Once, when he was pitching a game against the Giants in the mid-1960s, Bob Gibson watched as catcher Tim McCarver trotted out to the mound.
“What the fuck are you doing out here?” Gibson hollered.
“To hell with it,” McCarver said as he spun on his heel and returned to his position behind the plate.
“There was nothing I could tell Gibson when he was in the battle of competition,” McCarver remembered years later.
Gibson proved his ability to get it done on his own: he pitched 56 shutouts in a major league career that spanned from 1959 to 1975, including an incredible 13 in 1968, a season that proved to be his magnum opus.
The 84-year old Hall of Fame pitcher died on Friday, October 2, after a long struggle with pancreatic cancer.
Gibson was named the National League Most Valuable Player in 1968, and he won the Cy Young Award in both 1968 and 1970. He was an All-Star nine times, his irascible competitive personality helping forge the NL’s dominance in the All-Star Game in the 1960s. He was twice voted the MVP of the World Series, and he was the first african american to earn that honor.
Gibson was a remarkable athlete, a star basketball player at Creighton University. He briefly played professionally for the Harlem Globetrotters. He hit 24 career home runs, including five in a season twice. In 1970 he batted .303, while allowing opposing batters a meager .237 mark. Gibson won nine consecutive Gold Glove Awards, and he was a long-legged, quick baserunner. It’s not an exaggeration to say that “Gibby,” or “Hoot” (as his teammates called him), was the best athlete on his Cardinals teams, which he helped to two World Series titles.

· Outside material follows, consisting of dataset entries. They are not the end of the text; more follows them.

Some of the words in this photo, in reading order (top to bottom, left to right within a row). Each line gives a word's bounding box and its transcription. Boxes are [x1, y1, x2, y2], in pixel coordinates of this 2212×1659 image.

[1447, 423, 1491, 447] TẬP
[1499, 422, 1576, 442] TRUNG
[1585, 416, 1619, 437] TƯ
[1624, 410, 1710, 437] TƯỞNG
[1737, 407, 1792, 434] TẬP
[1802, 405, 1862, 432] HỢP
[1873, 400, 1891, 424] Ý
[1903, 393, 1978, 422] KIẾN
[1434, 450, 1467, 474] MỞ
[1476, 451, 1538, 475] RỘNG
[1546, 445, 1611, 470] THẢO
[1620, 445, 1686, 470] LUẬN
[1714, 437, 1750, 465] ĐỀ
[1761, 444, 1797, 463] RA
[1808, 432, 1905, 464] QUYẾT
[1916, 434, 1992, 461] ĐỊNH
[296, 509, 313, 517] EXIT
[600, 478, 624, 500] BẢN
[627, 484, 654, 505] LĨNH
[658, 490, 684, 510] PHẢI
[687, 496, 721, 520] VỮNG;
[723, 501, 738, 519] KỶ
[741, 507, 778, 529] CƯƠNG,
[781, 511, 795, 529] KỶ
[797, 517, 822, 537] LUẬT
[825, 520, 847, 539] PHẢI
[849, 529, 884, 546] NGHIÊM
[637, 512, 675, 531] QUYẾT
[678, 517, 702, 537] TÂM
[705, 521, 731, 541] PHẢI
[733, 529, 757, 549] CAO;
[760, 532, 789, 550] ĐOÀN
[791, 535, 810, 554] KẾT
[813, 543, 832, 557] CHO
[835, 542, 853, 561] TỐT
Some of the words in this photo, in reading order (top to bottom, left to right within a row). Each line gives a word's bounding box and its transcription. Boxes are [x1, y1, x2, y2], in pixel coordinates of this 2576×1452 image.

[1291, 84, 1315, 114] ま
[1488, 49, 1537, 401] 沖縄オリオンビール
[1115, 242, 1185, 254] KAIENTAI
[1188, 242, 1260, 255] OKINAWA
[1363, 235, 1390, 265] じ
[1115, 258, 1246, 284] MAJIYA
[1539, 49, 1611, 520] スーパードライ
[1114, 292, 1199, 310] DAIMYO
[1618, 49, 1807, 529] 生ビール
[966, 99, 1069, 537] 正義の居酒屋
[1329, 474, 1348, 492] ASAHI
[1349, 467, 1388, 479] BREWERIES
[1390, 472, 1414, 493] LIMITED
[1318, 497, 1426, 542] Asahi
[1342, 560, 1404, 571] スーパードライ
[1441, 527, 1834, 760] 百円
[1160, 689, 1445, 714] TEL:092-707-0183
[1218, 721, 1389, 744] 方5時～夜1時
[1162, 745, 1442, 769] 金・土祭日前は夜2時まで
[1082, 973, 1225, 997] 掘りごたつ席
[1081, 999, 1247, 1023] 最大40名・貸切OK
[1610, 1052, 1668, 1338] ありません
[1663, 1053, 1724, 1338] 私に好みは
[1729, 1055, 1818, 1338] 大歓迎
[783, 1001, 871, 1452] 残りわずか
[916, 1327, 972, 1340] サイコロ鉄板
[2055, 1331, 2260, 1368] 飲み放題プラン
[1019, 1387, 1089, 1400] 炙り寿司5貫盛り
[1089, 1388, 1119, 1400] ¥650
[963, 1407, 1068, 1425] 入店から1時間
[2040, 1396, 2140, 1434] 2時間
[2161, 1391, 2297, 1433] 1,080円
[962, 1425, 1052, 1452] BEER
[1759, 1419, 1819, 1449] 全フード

In 1968, Gibson posted a 1.12 ERA, the lowest mark for a full season since 1906. It remains the lowest ERA ever posted by a starting pitcher in a full season since the end of the deadball era. That year, Gibby threw five straight shutouts in June, then three more in July. That summer he went a stretch of 11 starts where he pitched 99 innings and allowed only three earned runs. His efforts helped the Cardinals to their second consecutive pennant.
Twice, in 1964 and 1967, Gibson started and won Game Seven of the World Series, beating the Yankees and Red Sox. In Game One of the 1968 Series, Gibson shut out the Tigers, striking out 17 batters in one of the most dominant performances in the history of the Fall Classic.
For all his accomplishments in uniform, Gibson’s influence on the culture of baseball is often overlooked.
As he matriculated through the St. Louis farm system, Gibson encountered blatant racism. It was only a decade after Jackie Robinson integrated white baseball, and attitudes were slow to change. Gibson turned the other cheek most of the time, but when he arrived in St. Louis he emerged as a clubhouse leader, and he demanded that black and latino players be given the same respect as whites. As a result, the Cardinals became one of the most inclusive teams in the game in the 1960s, and their play on the field reflected their camaraderie. Gibson and other black players like Lou Brock and Curt Flood melded with latins like Orlando Cepeda and Julian Javier, as well as white players to form a great team.
Gibson never suffered fools and he had no time for nonsense. He dealt with the front office on his own terms, he stood up for young players and players of color. He insisted that his teammates be professionals. As much as any other black superstar, Gibson advanced the status of blacks in Major League Baseball during the turbulent 1960s.
In his autobiography. Gibson wrote:
“The Cardinals were the rare team that not only believed in each other but genuinely liked each other. … As a team, we would simply not tolerate any sort of festering rancor between us, personal or racial. … We bought our racial feelings out into the open and dealt with them. … I’m confident I had a lot to do with it, and so did guys like White and Flood. … (N)one of us gave an inch to racism. The white players respected that … and in turn we respected them.”
Gibson threw his only no-hitter in 1971, and in 1974 he became the second pitcher to strike out 3,000 batters, joining Walter Johnson. He retired a year later with 251 victories, and a 7-2 World Series record. He was immensely proud of winning two World Series titles and being part of the great Redbirds teams of the 1960s.
But after his playing career, when Gibson served as a coach on the staff of former teammate Joe Torre, he told people that his greatest accomplishment was bridging the racial divides that existed in baseball when he was a young player.